Text-to-region grounding data:
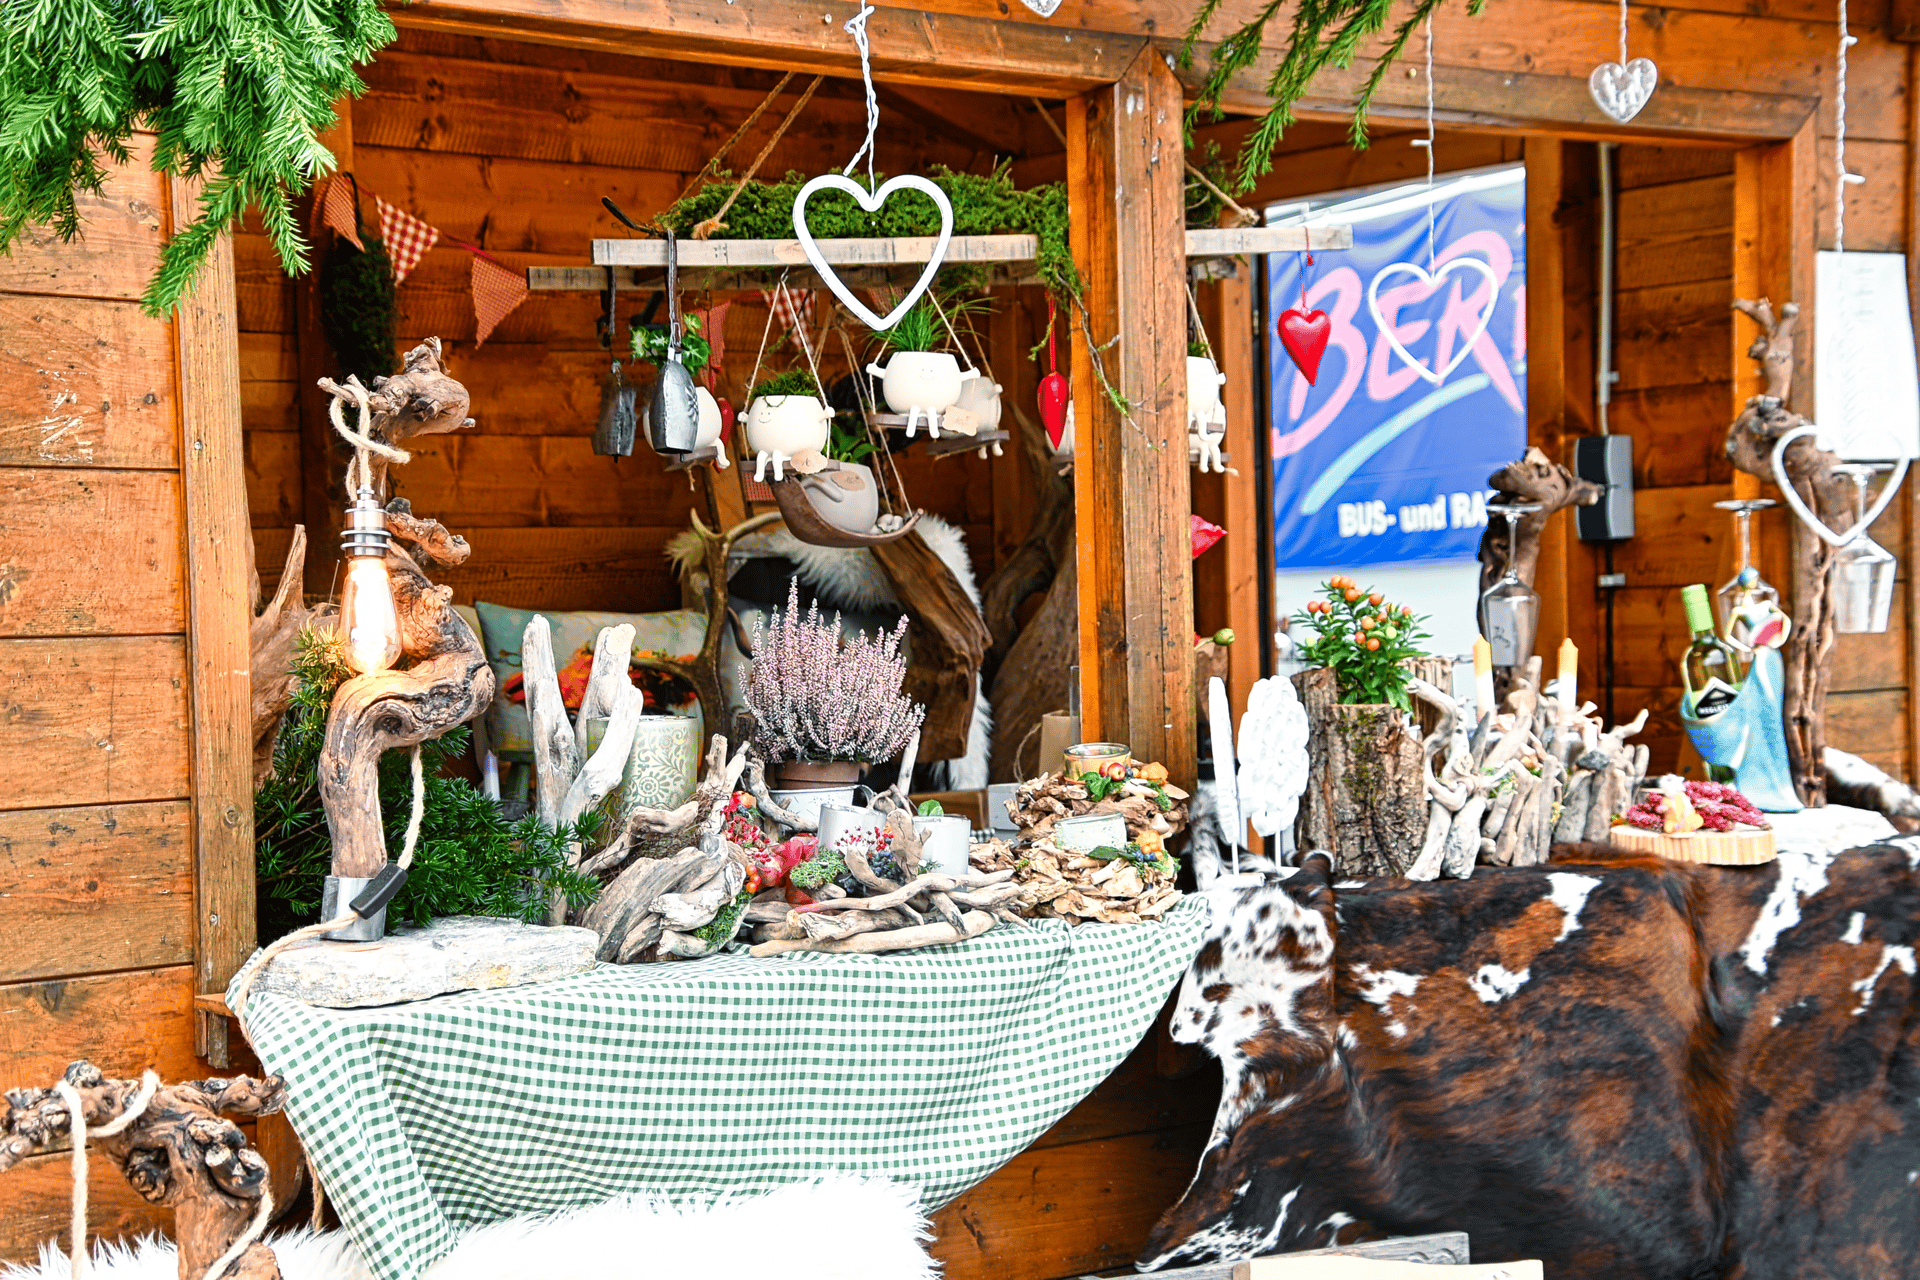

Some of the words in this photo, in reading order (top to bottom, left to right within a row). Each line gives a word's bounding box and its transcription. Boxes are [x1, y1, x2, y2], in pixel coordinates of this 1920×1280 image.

[1272, 228, 1526, 459] BER
[1338, 499, 1397, 538] BUS-
[1399, 494, 1448, 533] und
[1450, 490, 1500, 529] RA

• _WORK ITEM_
Write out each line again, exactly as it appears above, except for any picture.

• _TASK ANSWER_
Some of the words in this photo, in reading order (top to bottom, left to right within a row). Each line gives a word's bounding box and its transcription. Boxes are [x1, y1, x2, y2], in pixel coordinates of this 1920×1280 image.

[1272, 228, 1526, 459] BER
[1338, 499, 1397, 538] BUS-
[1399, 494, 1448, 533] und
[1450, 490, 1500, 529] RA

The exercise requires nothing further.